Deserts of Pakistan

The deserts in Pakistan and India fall in the category of the Monsoon Deserts.  "Monsoon," derived from an Arabic word for "season," refers to a wind system with pronounced seasonal reversal. Monsoons develop in response to temperature variations between continents and oceans. The southeast trade winds of the Indian Ocean, for example, provide heavy summer rains in India as they move onshore. As the monsoon crosses India, it loses moisture on the eastern slopes of the Aravalli Range. The Rajasthan Desert of India and the Thar Desert of Pakistan are parts of a monsoon desert region west of the range.

The Thar Desert: The origin of the Thar desert is a controversial subject. Some consider it to be only 4000 to 10,000 years old, whereas others state that aridity started in this region much earlier. Also known as The Great Indian Desert, the huge unending expanse of burning hot sand is spread over four states in India, namely Punjab, Haryana, Rajasthan, and Gujarat, and two states in Pakistan and covers an area of about 446,000 square kilometres. Deriving its name from 'thul' denoting the sand ridges of the region. Presently the portion of Thar Desert in Pakistan falls in the Sindh province and sharing the rest of it with Rajasthan in India. Beyond Mirpurkhas land has been badly hit by the salinity and rise of water table hence the desert starts right after Mirpurkhas after 45 minute you start seeing the straw / Cone hoses of the desert dwellers. Until you reach Umerkot which is the largest town in Thar desert. The Thar Desert, however, is not an inhospitable, empty wasteland, but is often called, with good reason, the `Friendly Desert'. It is accessible, not too hot, and colourful, and makes a perfect four-day trip from Karachi. More than half a million people, 70 percent of whom are Hindu, live in the desert, spread out over 13,000 square kilometers (5,000 square miles). The women wear long, full, red or orange skirts and cover their heads with embroidered or tie-dyed shawls. Married women encase their arms in bone or plastic bangles from wrist to shoulder (widows wear bangles above the elbows only; single girls wear them only round the wrist). The people live in round mud-walled huts thatched with grass and surrounded with thick thorn hedges. These are clustered round the more reliable wells or along the tops of ridges.

A NASA satellite image of the Thar Desert, with the India-Pakistan border superimposed . The desert is at the center left of the image; the Indus River and its tributaries are to the left side of the desert, and the dark green line at the bottom center of the image is the Aravalli Range.
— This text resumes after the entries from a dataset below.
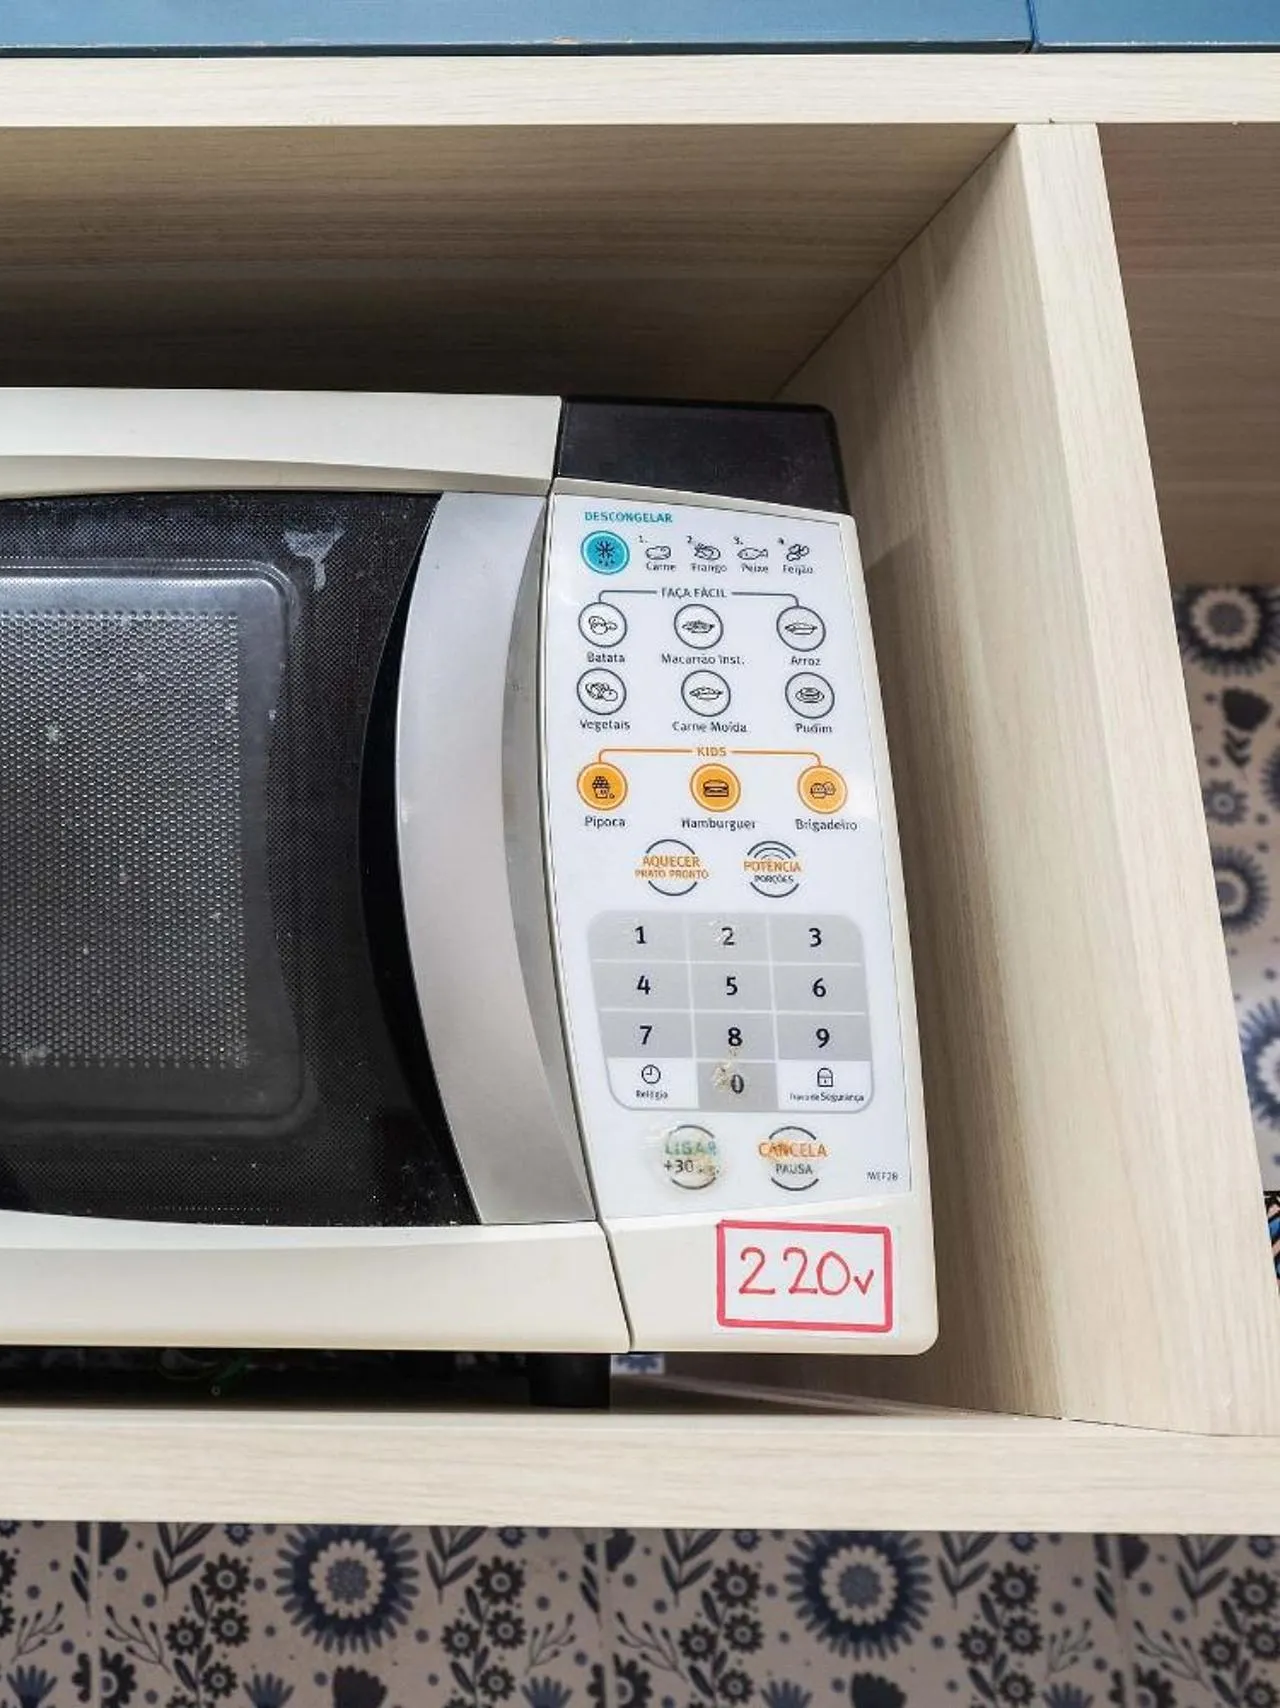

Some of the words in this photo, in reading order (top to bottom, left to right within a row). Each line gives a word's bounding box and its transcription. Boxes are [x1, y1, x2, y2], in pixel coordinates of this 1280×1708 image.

[584, 511, 673, 523] DESCONGELAR
[646, 562, 676, 572] Carne
[661, 587, 691, 600] FAÇA
[587, 652, 625, 664] Batata
[661, 654, 716, 665] Macarrão
[790, 656, 821, 667] Arroz
[580, 719, 631, 731] Vegetais
[672, 721, 706, 732] Carne
[795, 722, 833, 734] Pudim
[696, 746, 727, 757] KIDS
[584, 816, 626, 829] Pipoca
[681, 818, 756, 831] Hamburguer
[795, 819, 858, 831] Brigadeiro
[642, 856, 701, 868] AQUECER
[635, 869, 667, 878] PRATO
[669, 870, 709, 880] PRONTO
[634, 926, 647, 944] 1
[722, 927, 735, 946] 2
[808, 928, 822, 947] 3
[637, 975, 651, 995] 4
[726, 976, 738, 996] 5
[812, 977, 827, 998] 6
[639, 1025, 653, 1045] 7
[728, 1027, 743, 1047] 8
[815, 1028, 830, 1048] 9
[730, 1074, 745, 1094] 0
[758, 1142, 828, 1157] CANCELA
[775, 1163, 813, 1175] PAUSA
Mithi, with a population of 20,000, is the biggest town in the desert and a famous centre for Thari handicrafts, appliqued bedspreads, embroidered shirts, shawls, babies' hats, wall hangings, horse and camel trappings; silver jewellery and old carved wooden chairs and boxes. Hindus and Muslims live peacefully side by side in the desert, and in Mithi even enjoy each other's festivals. There are a number of Hindu temples in town, and these are at their best when there is a festival. The Temple of Nag Devta, the snake, has its festival inJune. The Muslim Shrine of Sayed Ali Shah, an 11th-centuryArab settler, celebrates its death anniversary on the 27th day of Ramazan.

Beyond Mithi the real feeling of the desert begins. Sandy tracks weave between hills covered with low flowering shrubs. Vultures, buzzards, eagles, kites and many species of smaller birds are easily spotted. House crows and brown-necked ravens scavenge in the villages. Some of the remoter Hindu villages keep tame peacocks. Mammals are more difficult to spot. Indian and red foxes, jackals, gerbils, mongoose and squirrels are fairly common, but you are unlikely to see a pangolin, porcupine, desert bare, wolf or hyena.
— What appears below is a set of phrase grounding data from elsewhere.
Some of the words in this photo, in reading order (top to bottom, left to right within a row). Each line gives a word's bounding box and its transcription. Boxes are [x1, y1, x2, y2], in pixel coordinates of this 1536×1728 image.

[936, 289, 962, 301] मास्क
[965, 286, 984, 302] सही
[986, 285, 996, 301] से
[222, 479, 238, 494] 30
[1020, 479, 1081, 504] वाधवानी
Islamkot, about two hours from Mithi, is another predominantly Hindu town with two mosques and five Hindu temples. Almost every house has a wind catcher on the roof. From here a little-used track cuts north across country to Chachro. This track is not a bus route and is particularly difficult to negotiate, so it is essential to take a guide. It is an interesting route, however, as the villages are remote and untouched. Arnaro, about one hour north of Islamkot, is a Hindu village with protected peacocks. On the main track to Nagar Parkar, about 45 kilometres from Islamkot, is the Jain Temple of Gori, said to date from 1376. The pillared porch with its carved ceiling leads into a multi-domed chamber, divided into little cubicles; crumbling stone statues decorate the walls. The jams are followers Mahavira, a contemporary of the Buddha, and though no Jams live in Pakis today and the temple is abandoned there is still a festival here on 20-25 March honour of the Jain god Parasnath.

Cholistan Desert, Punjab, Pakistan - March 2008

Cholistan Desert (Photo courtesy: Autumn Sun and Autumn Colour )
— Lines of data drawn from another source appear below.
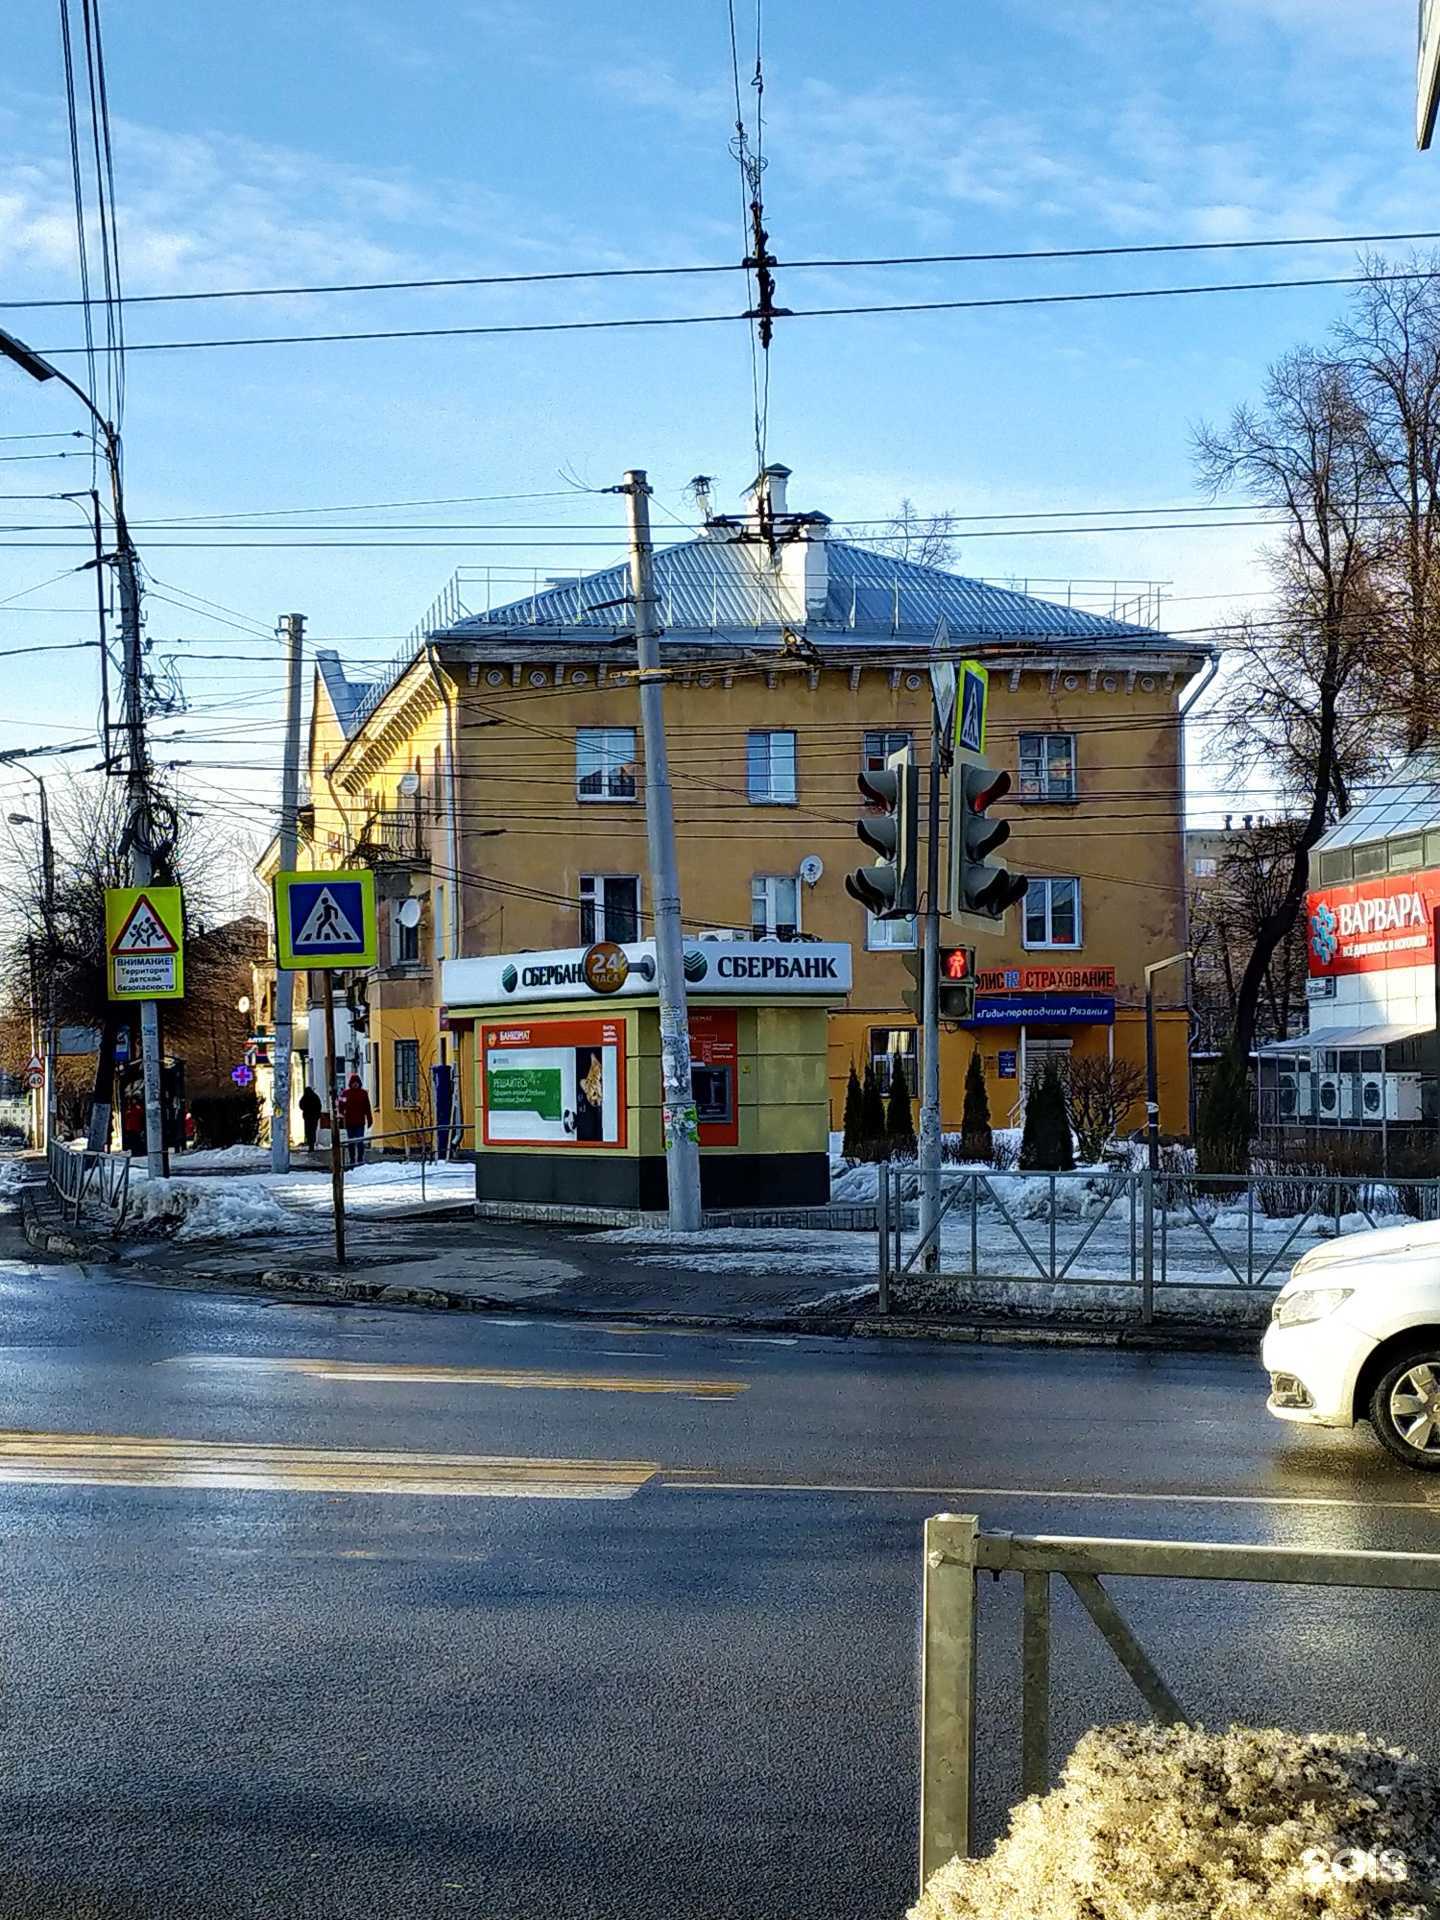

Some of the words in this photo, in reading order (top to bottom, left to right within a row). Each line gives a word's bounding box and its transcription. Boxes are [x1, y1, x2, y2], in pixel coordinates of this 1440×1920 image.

[1339, 892, 1425, 936] ВАРВАРА
[116, 957, 173, 966] ВНИМАНИЕ!
[121, 967, 170, 975] Территория
[592, 953, 619, 974] 24
[717, 956, 838, 978] СБЕРБАНК
[1026, 970, 1115, 988] СТРАХОВАНИЕ
The Cholistan Desert: The fascinating barren landscapes of the Cholistan (locally known as Rohi) starts some 30 kilometres from Bahawalpur and is spread over an area of some 16,000 square kilometres and extends up to the Thar desert in the Sindh province. The word Cholistan is derived from 'Cholna' which means moving. The people of Cholistan lead a semi-nomadic life, moving from one place to another in search of water and fodder for their animals. Drawar Fort is the major landmark of Cholistan Desert, located 48 kilometres from Dera Nawab Sahib (once headquarters and the seat of the rulers of Bahawalpur state). The area was once well watered by the river Ghaggar now called the Hakra in Pakistan and known in Vedic times as the Sarasvati. All along the 500-km of dried up river are over 400 archaeological sites, which date back to the Indus civilization 4500 years ago and are clustered around Drawar Fort. The desert has an average rainfall of 5 inches a year and there is very little cultivation.

Cholistan is presently inhabited by about 100,000 semi-nomads live in the desert, mostly as camel and goat herders. In the dry season they cluster in temporary villages around the more reliable wells (some up to 30 metres or 100 feet deep). During Monsoon season, specially in August and September, when sparse rains hit the area, the nomads spread out with their herds and wander freely across the border into the Rajasthan Desert in India and Thar Desert in Sindh, building shallow reservoirs in the hollows between the sand dunes to catch the rainwater. Here they grow pulses, their staple diet, eat yoghurt and mutton or goat and occasionally, camel. The nomads belong to many different tribes, though most of them are descended from settlers who came from Balochistan at least two centuries ago. The women swirl along in full red skirts and embroidered shawls, and the men pile bright coloured turbans on their heads. On camel safari you camp with them, join in their singing and watch their ungainly camel dances before cuddling into your sleeping bag for the surprisingly cold nights under a clear sky brilliant with stars.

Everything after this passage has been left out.